DigiPen’s BS in Computer Science in Machine Learning program may be new, however, our experience in the subject is anything but. Machine learning has been a central component in many of DigiPen’s Research & Development projects for quite some time, and as faculty have been putting together the framework for the new degree program, real-world lessons informed by those past projects have found their way into the curriculum.
One such lesson stemmed from a research-based project developed for Andretti Autosport, which uses machine learning to predict, in real-time, which strategies will have optimal results during IndyCar races. “The strategy in IndyCar is knowing when to go to the pit, which tires to use — hard or soft — and how much fuel to put in the car,” says DigiPen R&D lead software engineer and computer science professor Antoine Abi Chacra. Managers would be able to input strategies into the DigiPen-developed application and quickly see how those strategies would play out for their driver based on real-time data such as the car’s current performance and position, the driver’s performance and behavior in both past and present races, and a wide host of other factors.
Abi Chacra says one of the most important lessons the R&D team learned from the project is that data is never clean when you receive it. Before machine learning algorithms can interpret and make predictions about data, first it’s important to scrub the data and weed out anomalies. “We had to do something like that with Andretti,” Abi Chacra says. “You’d get lap times that were way off. Sometimes they would go to the pit and the flag that notifies everyone that this car is in the pit wouldn’t go up for some reason, so now we have one lap at 41 seconds, another at 40 seconds, and then one lap that took 20 minutes. Your machine learning algorithm should be able to automatically analyze the data using a technique called clustering to detect and remove anomalies like that.”
Abi Chacra is bringing the real-world IndyCar example to students directly, giving them an opportunity to work with the same exact data the R&D team used. “For assignment one, I clean all the data for them, give them the lap times of every driver for 200 laps, and tell them to use the first 50 percent of the data to try and predict the last 50 percent,” Abi Chacra says. “But as the final project, I give them all the data, which has all the garbage in it, and now they have to use multiple machine learning algorithms to clean the data and solve the problem, just like you would in the real world.”

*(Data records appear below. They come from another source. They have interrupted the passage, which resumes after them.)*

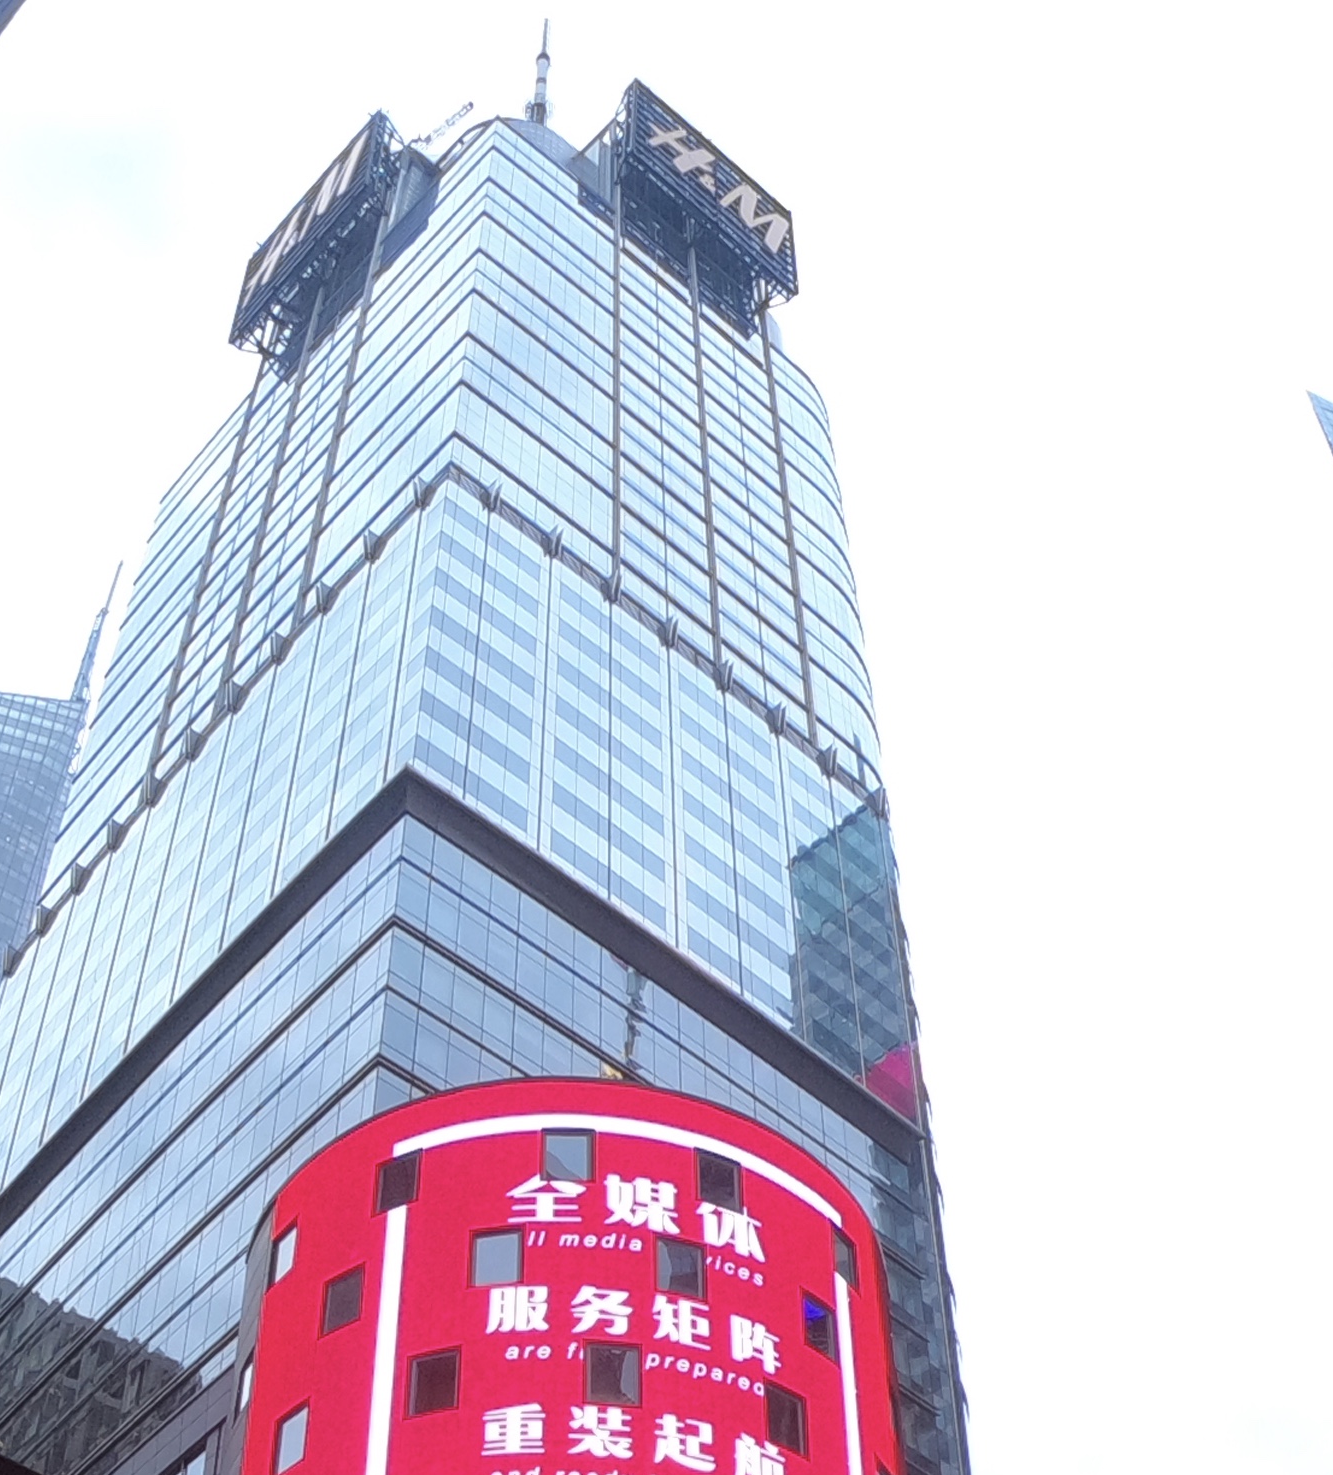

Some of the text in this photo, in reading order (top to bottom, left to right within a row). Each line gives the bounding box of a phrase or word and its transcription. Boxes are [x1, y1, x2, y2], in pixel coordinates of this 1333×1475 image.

[648, 121, 790, 253] H&M
[505, 1173, 766, 1263] 全媒体
[558, 1233, 644, 1252] media
[485, 1284, 782, 1376] 服务矩阵
[504, 1344, 552, 1361] are

In another past project, the DigiPen R&D team was tasked with creating a machine learning application to evaluate the effectiveness of security methods for large crowds and events in order to find the correct balance between the strictness of the threat evaluation and line expediency. “If the checkpoint security is too tight and takes a long time, then you get long lines,” DigiPen Chief Technology Officer Samir Abou Samra says. “If it’s too loose, you might have shorter lines, but it’s not secure. The machine learning component of the project was part of finding the sweet spot between the two.”

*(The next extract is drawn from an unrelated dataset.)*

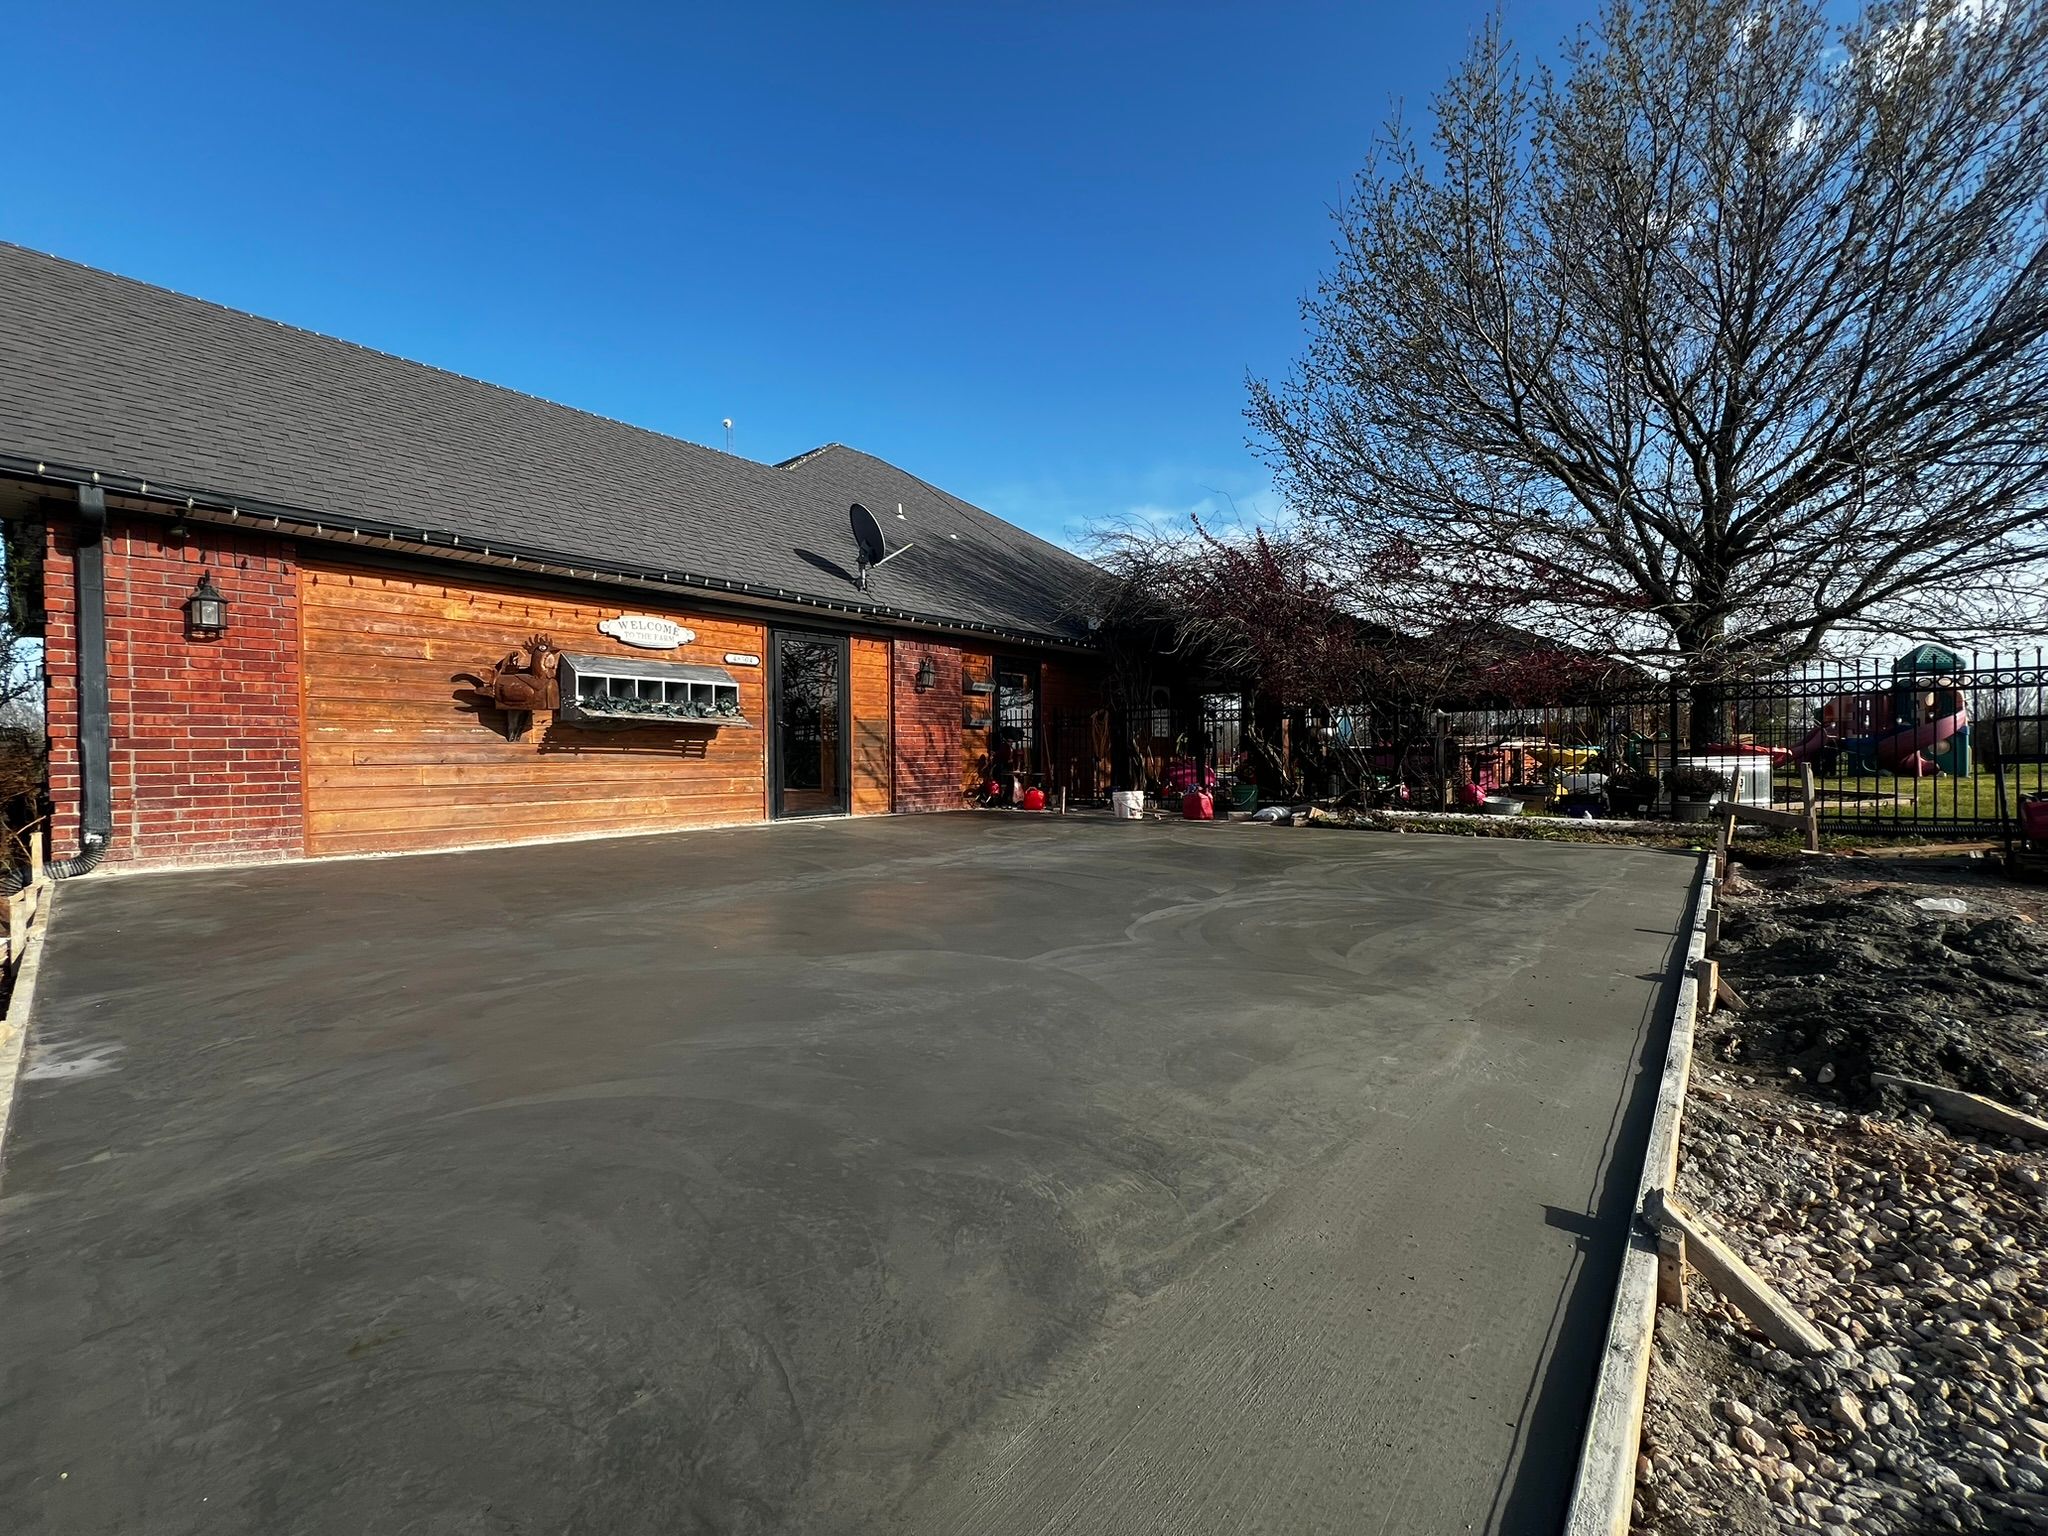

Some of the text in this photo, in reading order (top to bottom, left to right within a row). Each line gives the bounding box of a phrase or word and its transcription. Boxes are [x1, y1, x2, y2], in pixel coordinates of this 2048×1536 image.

[618, 620, 680, 637] WELCOME
[624, 631, 675, 643] TO THE FARM

According to Abou Samra, the major takeaway from the project had less to do with figuring out how to churn the data — it was in communicating with the clients about what the data should even be.
“Our job is to decide, for situation x, what is the best mathematical function that will approximate that situation, translating an analogue situation into math?” Abou Samra says. “And that means, you have an input and an output — it’s an equation. But when you’re dealing with security subject matter experts, they’re not computer scientists or mathematicians. Their job is to go, ‘Hmm. That guy. Flag him.’ But if you ask them why or how they determine that, they don’t tell you, ‘It’s because of this, this, and this factor, and then I compute the data and if it comes out to a score above a certain number then I flag them.’ No. They say, ‘It’s based on my experience. That person just seemed agitated.’”

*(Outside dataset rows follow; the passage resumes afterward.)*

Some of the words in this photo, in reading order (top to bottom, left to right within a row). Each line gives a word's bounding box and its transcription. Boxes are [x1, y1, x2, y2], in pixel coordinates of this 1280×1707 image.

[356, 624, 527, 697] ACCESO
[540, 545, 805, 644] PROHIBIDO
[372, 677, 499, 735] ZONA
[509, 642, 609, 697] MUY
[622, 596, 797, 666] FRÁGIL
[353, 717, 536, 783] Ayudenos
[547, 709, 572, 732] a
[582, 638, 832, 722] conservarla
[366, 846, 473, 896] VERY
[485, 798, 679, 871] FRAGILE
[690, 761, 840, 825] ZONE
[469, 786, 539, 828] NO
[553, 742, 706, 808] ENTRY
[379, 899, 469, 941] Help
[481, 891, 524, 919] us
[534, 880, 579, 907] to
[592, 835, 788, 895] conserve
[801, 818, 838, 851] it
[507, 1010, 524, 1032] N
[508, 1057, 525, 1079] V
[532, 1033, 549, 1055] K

While much of machine learning is about utilizing and combining the correct algorithms to make predictions, figuring out what data is relevant to input in the first place, is often the very first step.
“Usually, a computer scientist won’t come to you to solve a computational problem. It’s usually someone from a completely different area, and it’s a really good experience to learn how to bridge the gap and find that midpoint between yourself and the subject matter expert. This is something we’re teaching in the machine learning program,” Abou Samra says. “We try to understand how the subject matter expert or client thinks, so we’re then in a better position to ask questions and to lead them towards explaining what kind of logic we want the machine learning to take, and what those inputs are.”
The first cohort of the BS in Computer Science in Machine Learning degree program begins this fall.